YOUR TASK
Show every line of the material that follows in which the word "MATUTE" occurs.
──────── GIVEN RECORDS ────────
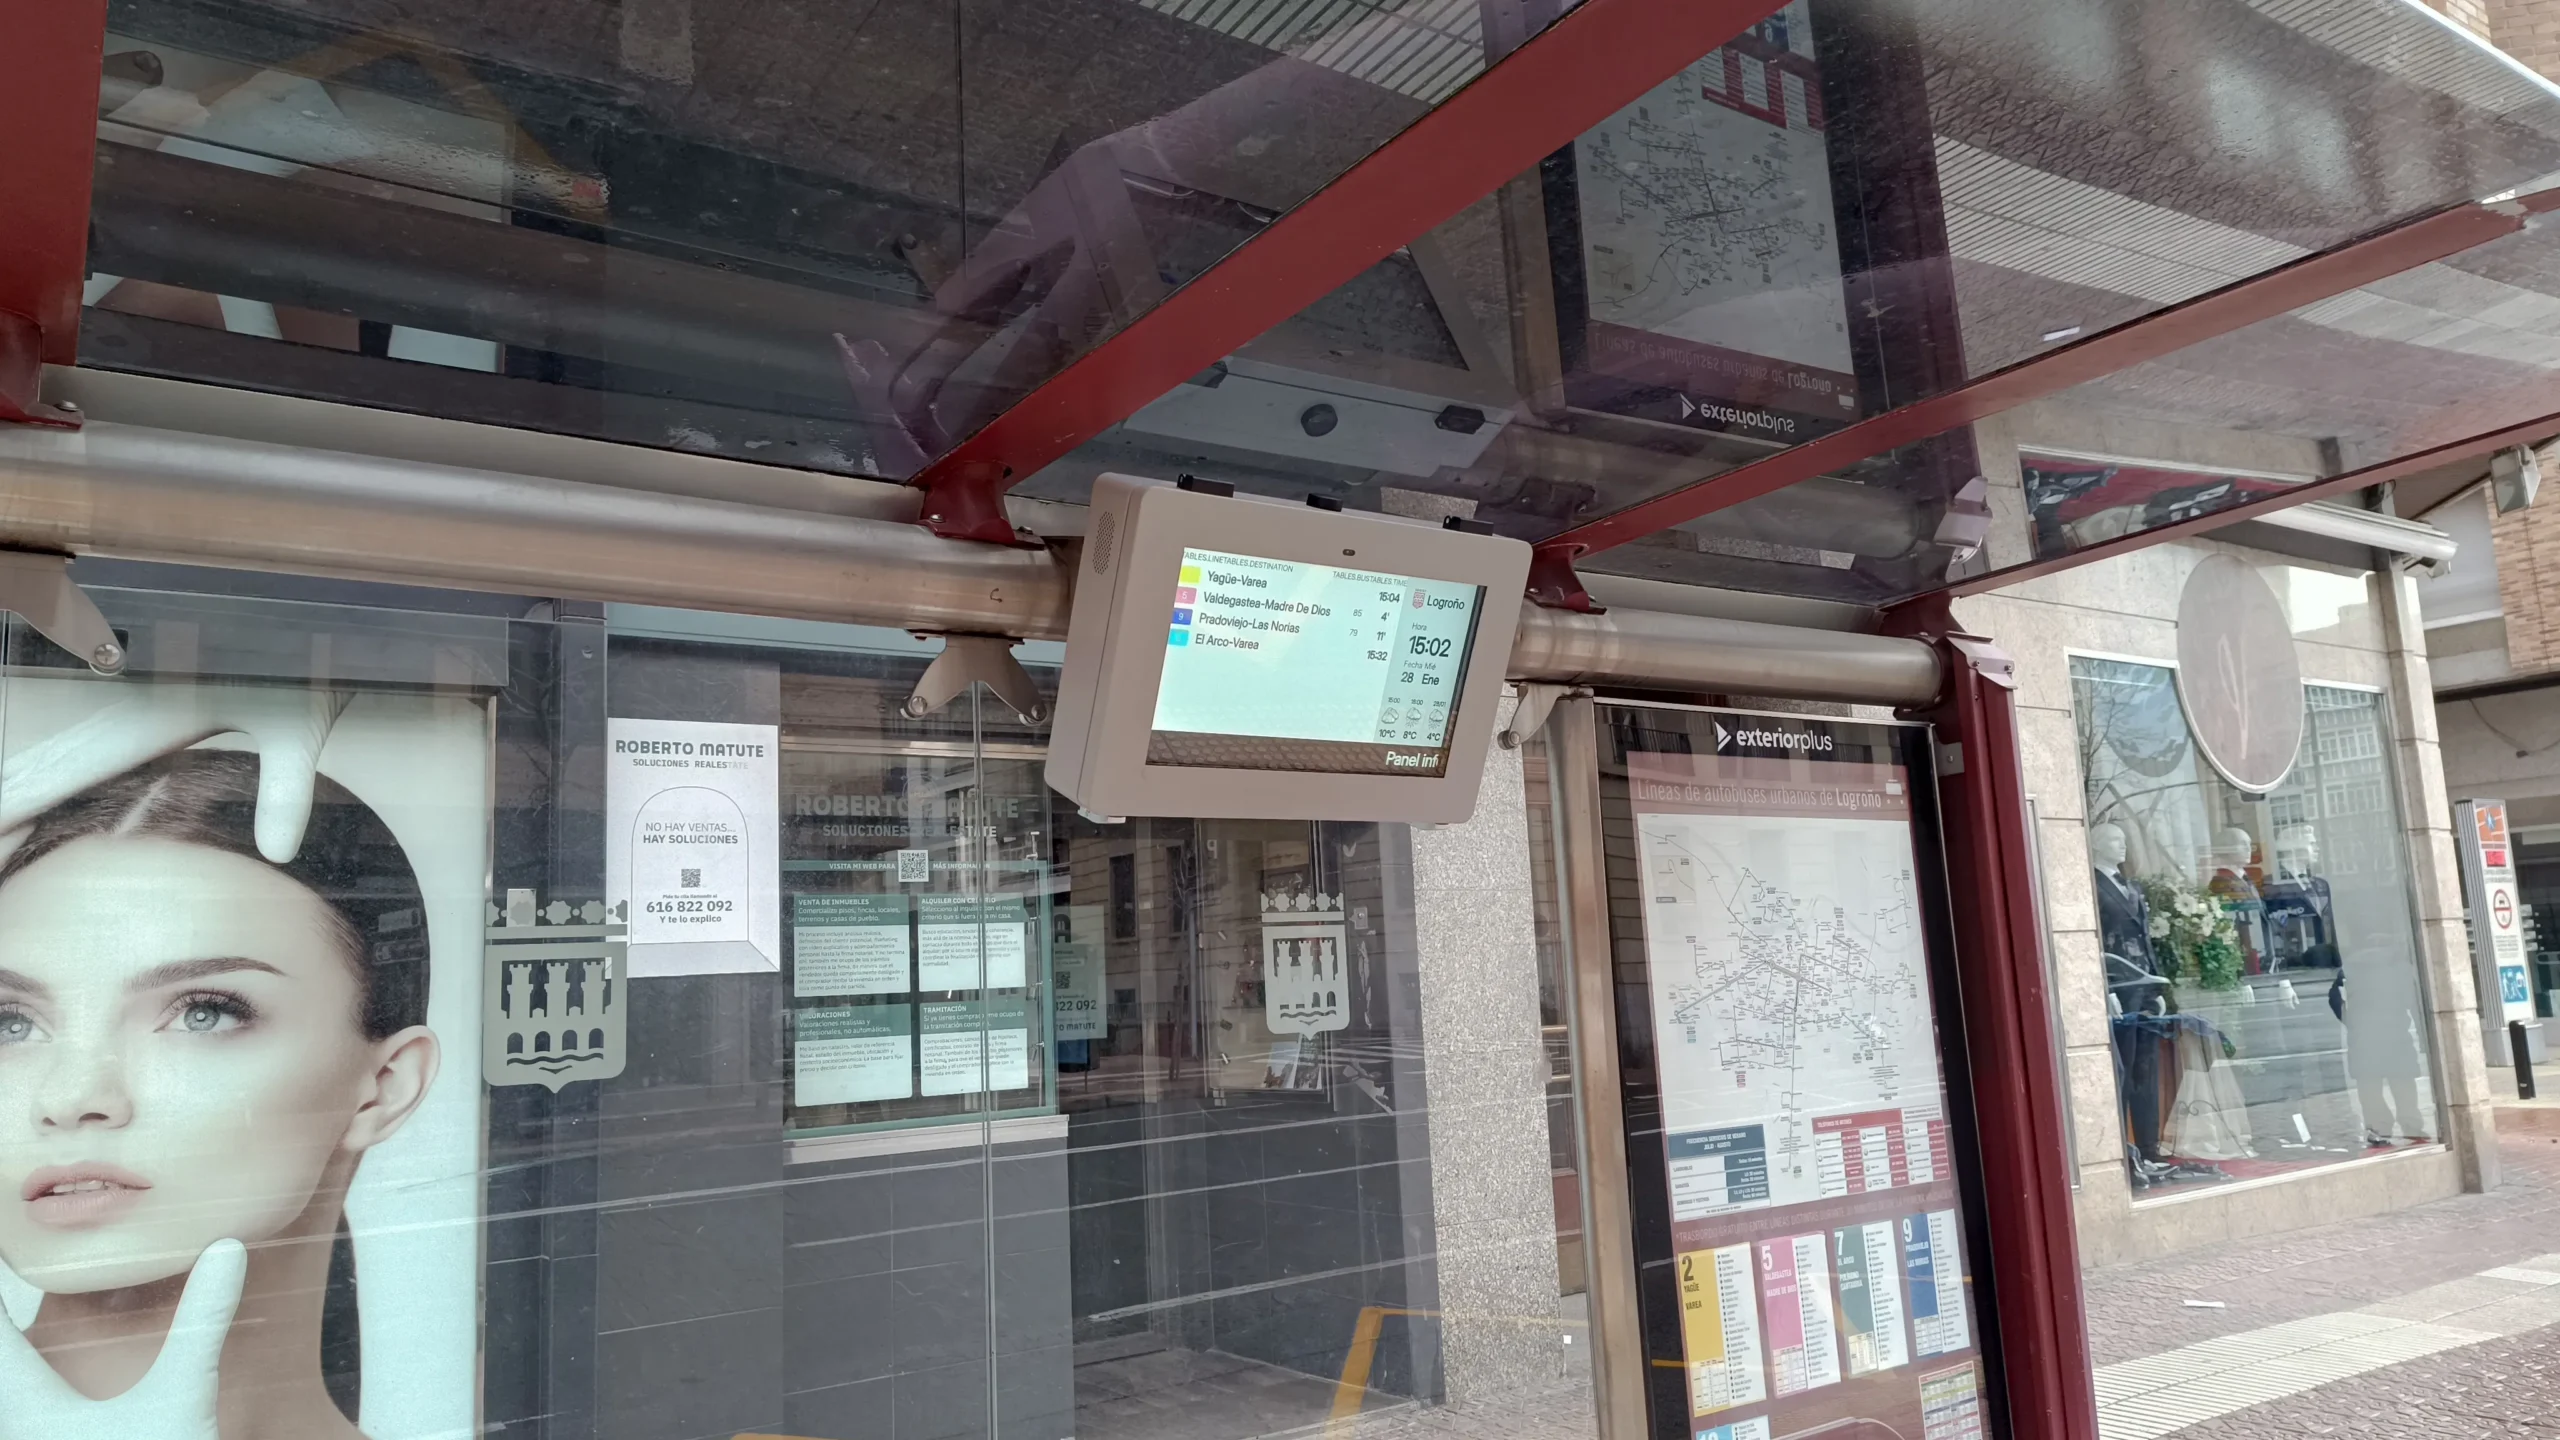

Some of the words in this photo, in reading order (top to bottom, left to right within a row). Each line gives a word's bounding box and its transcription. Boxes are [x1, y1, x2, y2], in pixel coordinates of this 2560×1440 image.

[1208, 570, 1267, 588] Yagüe-Varea
[1182, 591, 1188, 600] 5
[1379, 591, 1401, 604] 15:04
[1203, 591, 1294, 612] Valdegastea-Madre
[1296, 602, 1309, 614] De
[1311, 604, 1331, 617] Dios
[1427, 595, 1465, 610] Logroño
[1178, 612, 1184, 621] 9
[1353, 609, 1363, 617] 85
[1199, 612, 1269, 631] Pradoviejo-Las
[1271, 620, 1300, 633] Norias
[1412, 622, 1427, 631] Hora
[1195, 633, 1205, 645] El
[1206, 634, 1259, 650] Arco-Varea
[1409, 635, 1451, 658] 15:02
[1367, 650, 1388, 661] 15:32
[1404, 660, 1423, 670] Fecha
[1400, 671, 1414, 683] 28
[1422, 673, 1440, 686] Ene
[1736, 727, 1833, 753] exteriorplus
[615, 739, 694, 755] ROBERTO
[699, 743, 764, 758] MATUTE
[632, 758, 689, 768] SOLUCIONES
[1385, 750, 1421, 767] Panel
[1421, 753, 1439, 768] inf
[1638, 780, 1681, 800] Líneas
[1685, 783, 1701, 802] de
[1704, 784, 1766, 803] autobuses
[1770, 788, 1816, 805] urbanos
[1819, 789, 1833, 806] de
[1836, 788, 1882, 810] Logroño
[645, 822, 662, 831] NO
[665, 822, 685, 832] HAY
[823, 825, 908, 837] SOLUCIONES
[643, 834, 666, 844] HAY
[668, 834, 739, 844] SOLUCIONES
[933, 861, 947, 869] MÁS
[948, 862, 991, 870] INFORMAN
[646, 901, 673, 913] 616
[677, 901, 703, 912] 822
[707, 900, 733, 912] 092
[799, 898, 820, 906] VENTA
[659, 915, 666, 924] Y
[679, 915, 688, 923] lo
[690, 915, 722, 924] explico
[923, 1005, 967, 1013] TRAMITACIÓN
[1076, 999, 1097, 1011] 092
[799, 1010, 851, 1019] VLORACIONES
[1066, 1022, 1096, 1031] MATUTE
[1902, 1218, 1913, 1243] 9
[1834, 1230, 1844, 1256] 7
[1761, 1245, 1773, 1271] 5
[1681, 1255, 1694, 1282] 2
[1684, 1282, 1700, 1293] YAGÜE
[1686, 1300, 1702, 1310] VAREA
────────
SOLUTION TO THIS PROBLEM
[699, 743, 764, 758] MATUTE
[1066, 1022, 1096, 1031] MATUTE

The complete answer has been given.